The inclusion of China A-shares in major indexes is having an effect on the Hong Kong ETF industry, with ETF issuers providing new products to capture the change.
ETF sponsors in Hong Kong are increasingly rolling out China-focused products, in a bid to capitalise on growing investor appetite for Mainland onshore assets.
Over the past few months, many “inclusion” and “technology” themed, China-related ETFs have launched on the Hong Kong Stock Exchange, such as the ChinaAMC MSCI China A Inclusion ETF (83197) and the Samsung CSI China Dragon Internet ETF (2812).
A-shares and mainland fixed income securities inclusion into the international benchmark indexes appears to be one of the key drivers for the ETF providers to create the products that allow foreign investors in Hong Kong to gain exposure to A shares market.
Index provider MSCI included 233 A-share large caps into its flagship MSCI China Index, MSCI Emerging Markets Index, and the MSCI ACWI Index in June.
The move is expected to spur demand for A-shares, particularly as ETF managers are seeking to rebalance their portfolios to track the underlying indexes.
International investors’ Chinese equity holdings are currently significantly under positioned, such that foreign ownership in A-share market is still in the low single digits.
That said, Hong Kong Monetary Authority previously estimated that the MSCI inclusion is likely to divert as much as US$300 billion into A-share market from passive managers alone over the next few years.

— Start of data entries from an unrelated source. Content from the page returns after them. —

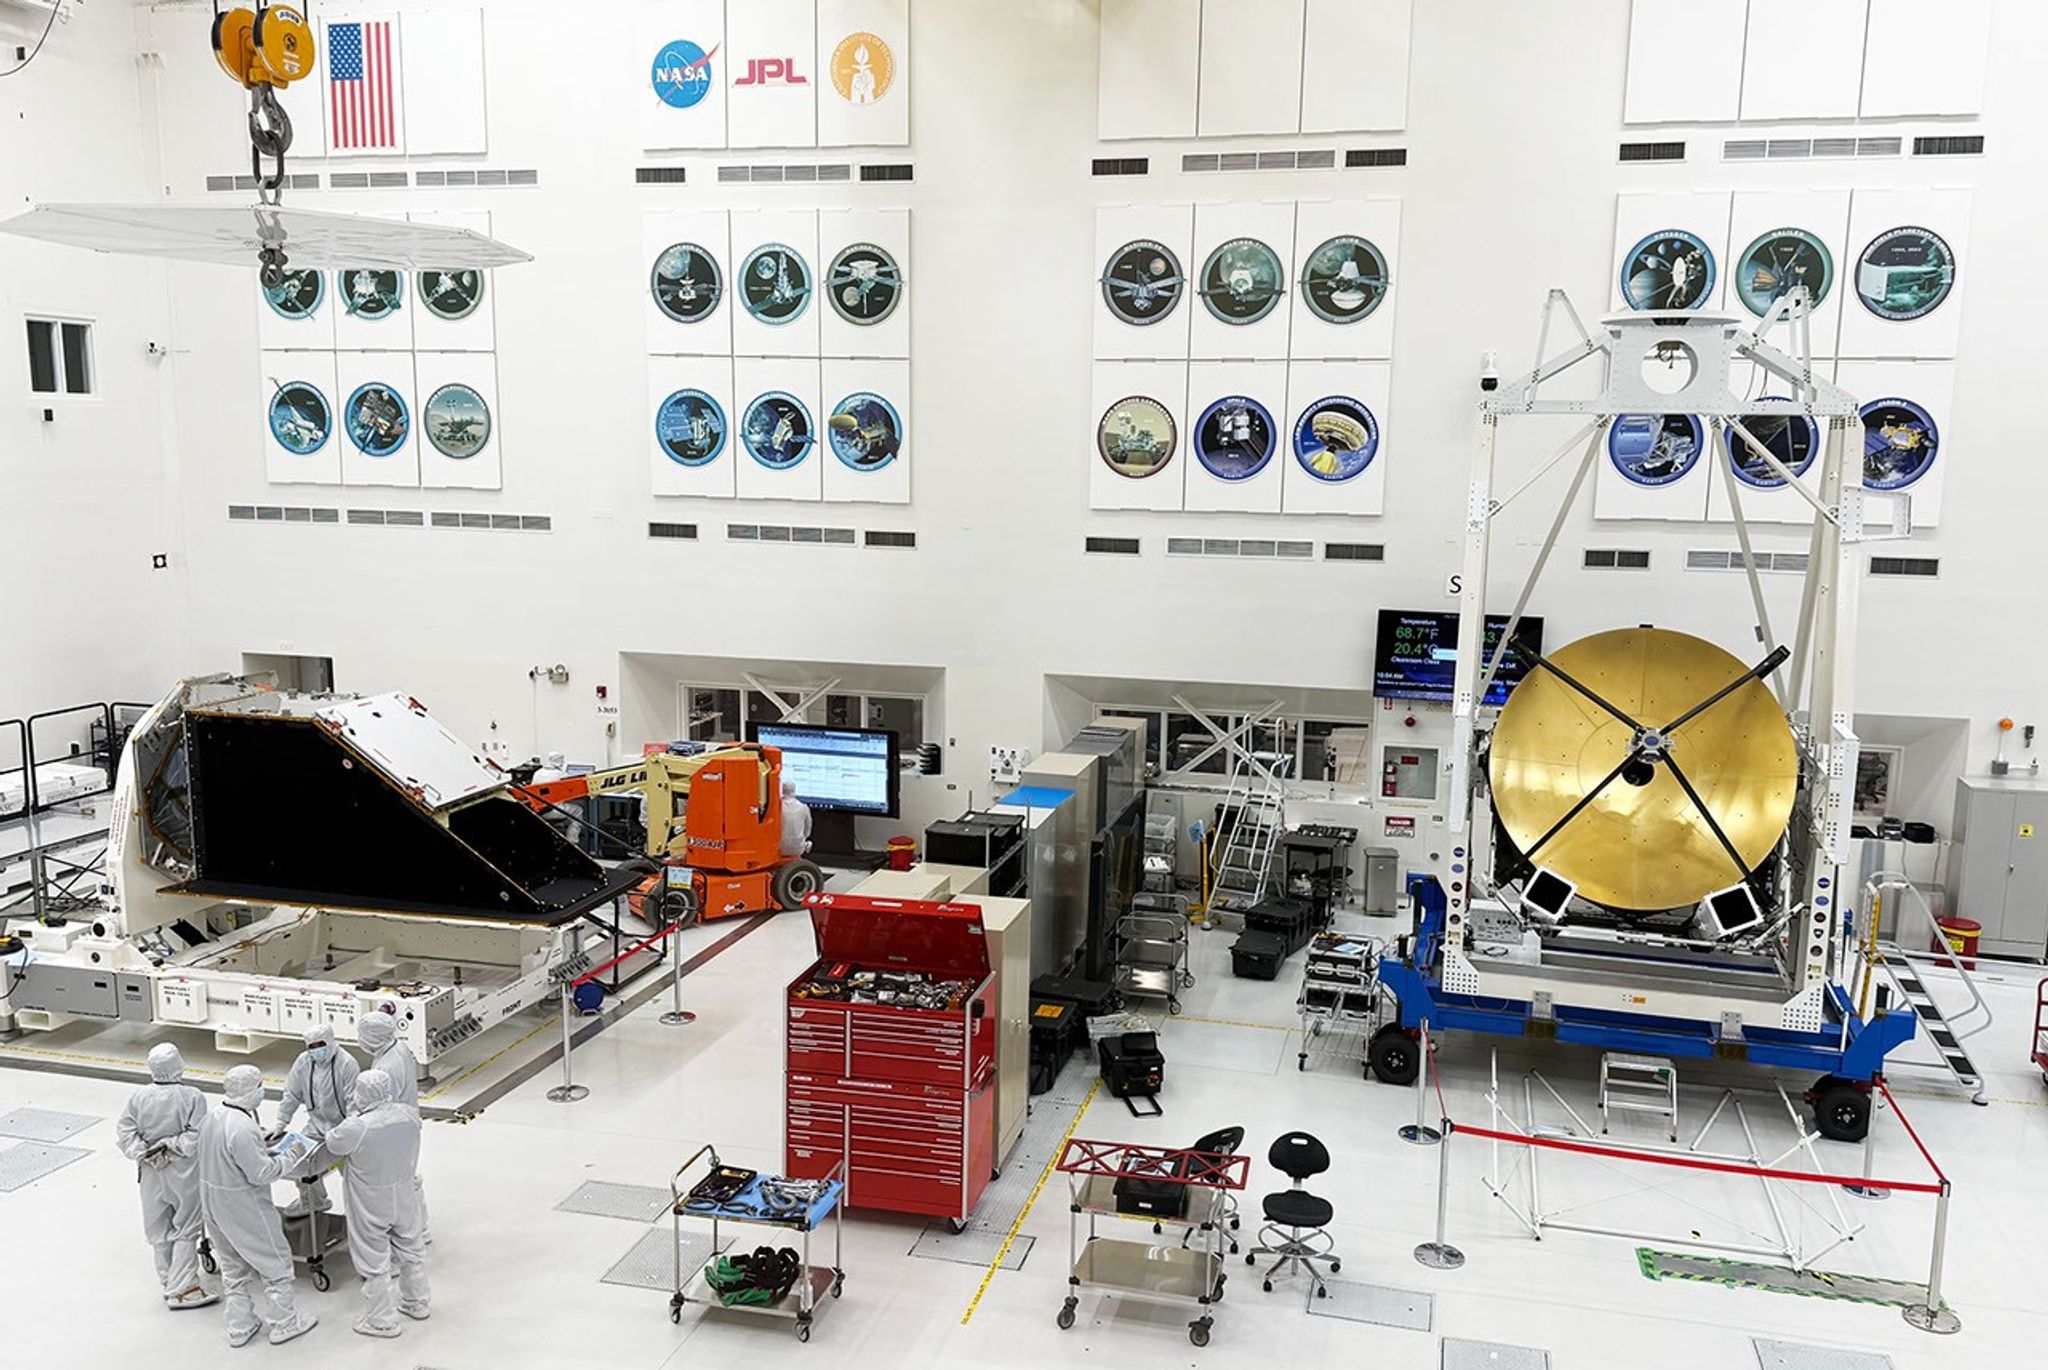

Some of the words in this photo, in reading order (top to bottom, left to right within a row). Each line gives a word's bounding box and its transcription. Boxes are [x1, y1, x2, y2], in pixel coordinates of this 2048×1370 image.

[655, 67, 709, 83] NASA
[735, 58, 807, 85] JPL
[1400, 617, 1437, 626] Temperature
[1395, 626, 1440, 640] 68.7°F
[1391, 656, 1422, 665] Cleanroom
[600, 774, 627, 789] JLG
[502, 1000, 522, 1017] FRONT
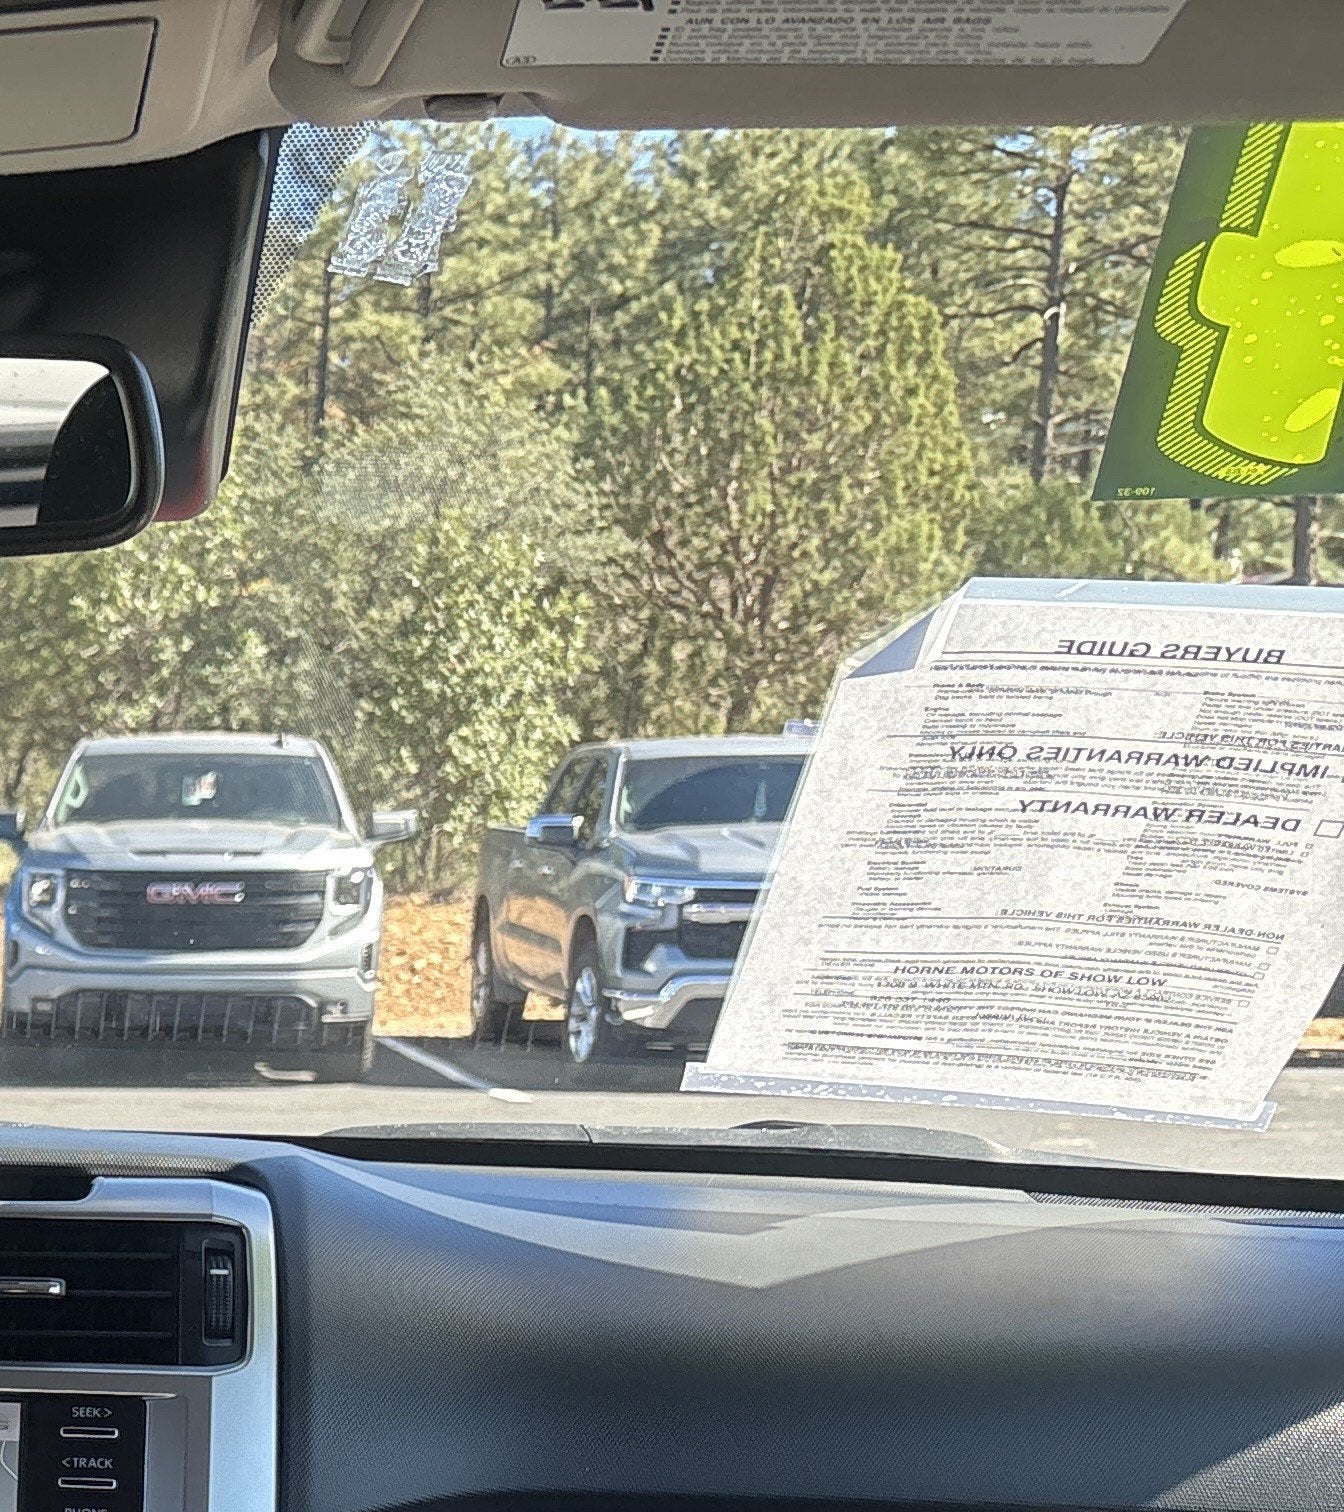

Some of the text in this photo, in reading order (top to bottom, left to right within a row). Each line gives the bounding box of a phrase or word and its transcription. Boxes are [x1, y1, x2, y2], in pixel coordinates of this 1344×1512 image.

[146, 881, 245, 904] GMC
[893, 965, 1168, 987] HORNE MOTORS OF SHOW LOW
[72, 1407, 101, 1418] SEEK
[72, 1458, 113, 1470] TRACK
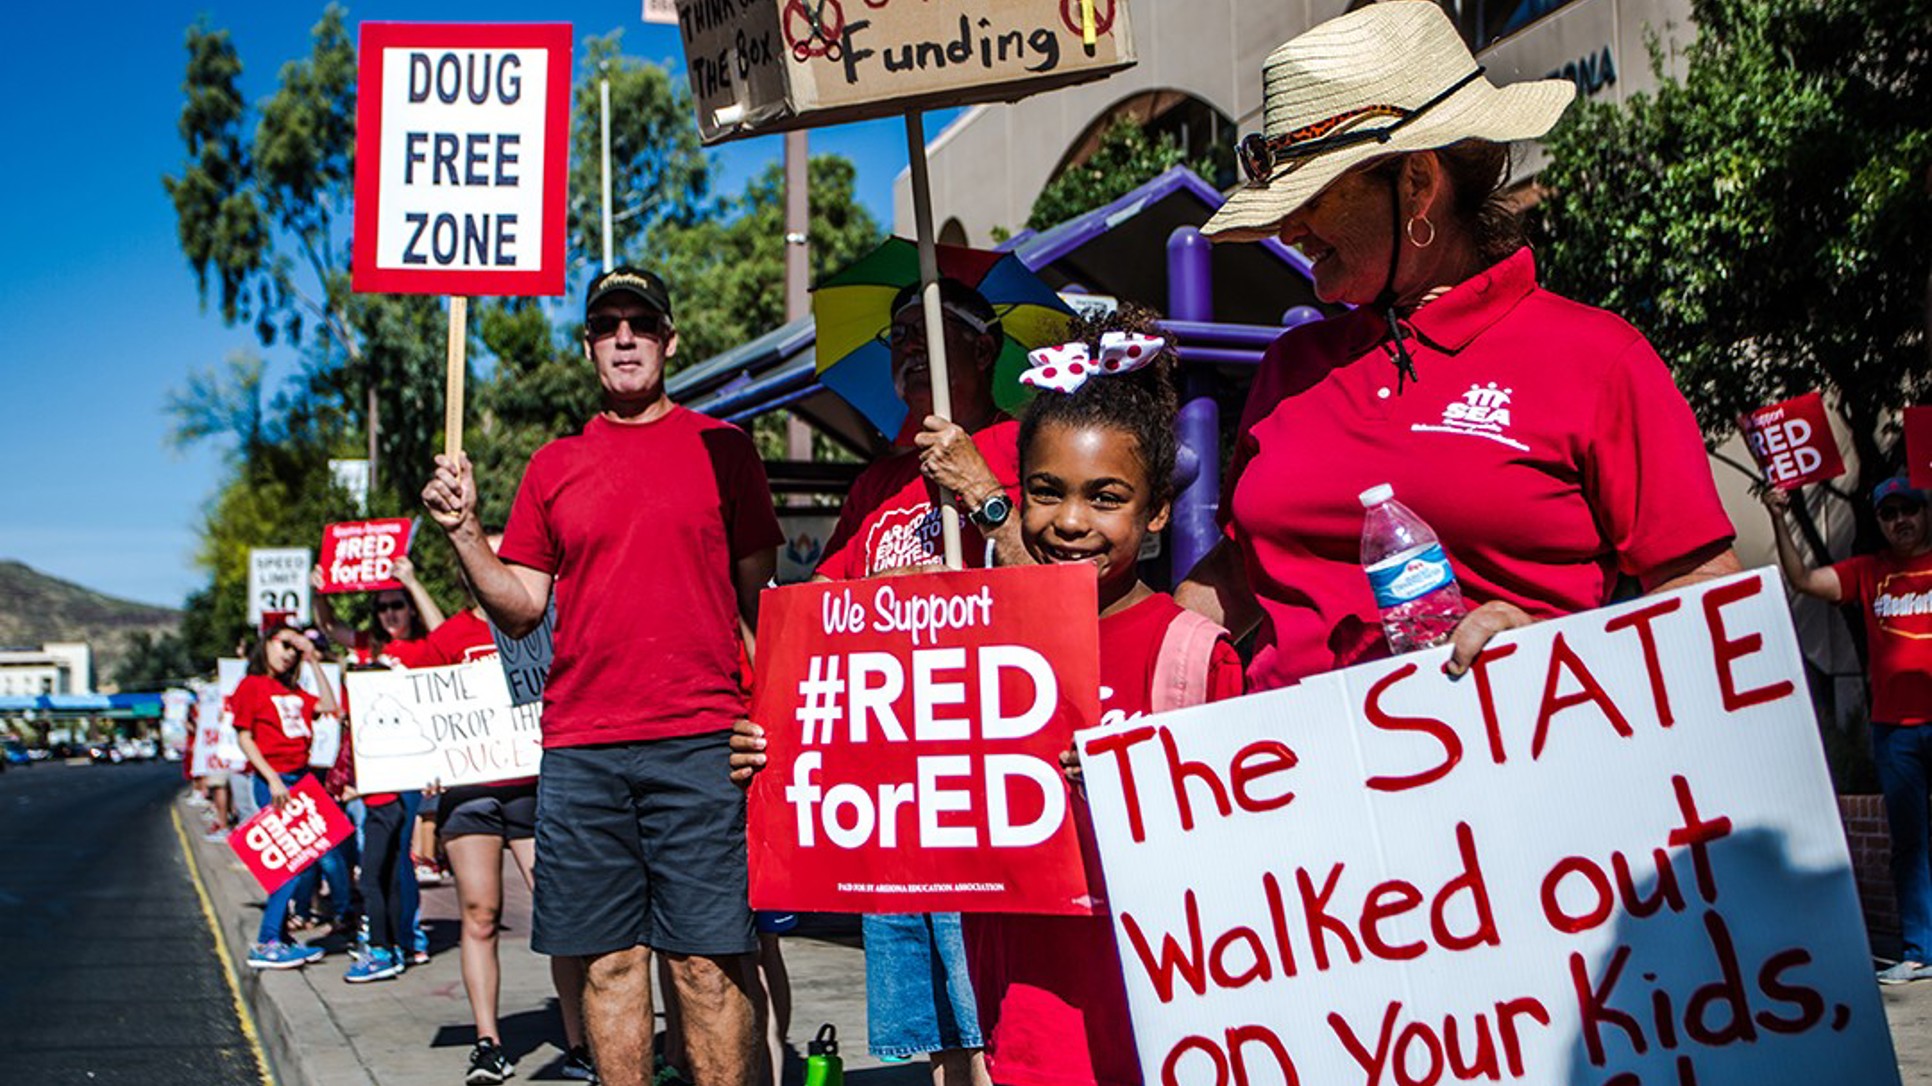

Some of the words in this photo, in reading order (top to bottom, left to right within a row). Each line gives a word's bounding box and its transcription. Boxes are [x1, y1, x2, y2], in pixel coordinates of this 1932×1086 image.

ChinaAMC MSCI China A Inclusion ETF, which was launched by China Asset Management (Hong Kong) in February, is the city’s first ETF tracking the A-shares being included into the MSCI indexes.
Frederick Chu, head of ETF at China AMC (HK), said the ETF has drawn positive market response thus far.
“The ETF is one of the most actively traded ETF in Hong Kong among all. We see both institutional and retail investors aggressively positioned their allocation strategies [after the inclusion],” he said.
Indeed, China AMC (HK) is stepping up to diversify its China ETF product suite with the launch of the ChinaAMC Bloomberg Barclays China Treasury + Policy Bank Bond Index ETF four months after the listing of its MSCI inclusion ETF.
The ETF is designed to track the performance of fixed rate RMB-denominated treasury bonds and policy bank bonds.
China Treasury ETF is the company’s first fixed income ETF. Looking forward, “the focus of our new ETFs over the next two years will be on the connection and inclusion between the China and Hong Kong,” Mr Chu says.
Apart from the inclusion themed and fixed income ETFs, sector ETF is another focal point for local ETF players.
Samsung Asset Management (HK), the Hong Kong-based subsidiary of Korean manager Samsung Asset Management, launched the first ETF tracking Chinese large-cap internet companies listed in the Mainland and overseas on June 20.
The Samsung CSI China Dragon Internet ETF (2812) is designed to mimic the performance of the CSI Global China Internet Index, a benchmark for large-cap Chinese internet stocks.
Although there have already been two other similar ETFs in Hong Kong, Joanne Siu, Samsung (HK)’s ETF sales director, plays down the overlapping.
“The two counterparts only track Hong Kong and US-listed Chinese internet companies, but our new ETF can provide access to A-shares,” she says.
However, Hong Kong’s ETF market seems to be overcrowded with China-centric and Hong Kong-centric products. Market players need to put more effort on innovative products and investment themes to stand out from their rivals.
In the face of the market competition, Ms Siu admits Samsung (HK) will need to focus more on alternative ETFs to differentiate its products from plain vanilla ETFs.
According to the figures from the HKEX, market capitalisation of Hong Kong-listed ETFs and leveraged and inverse products was about HK$342.8 billion (US$43.9 billion) at the end of April.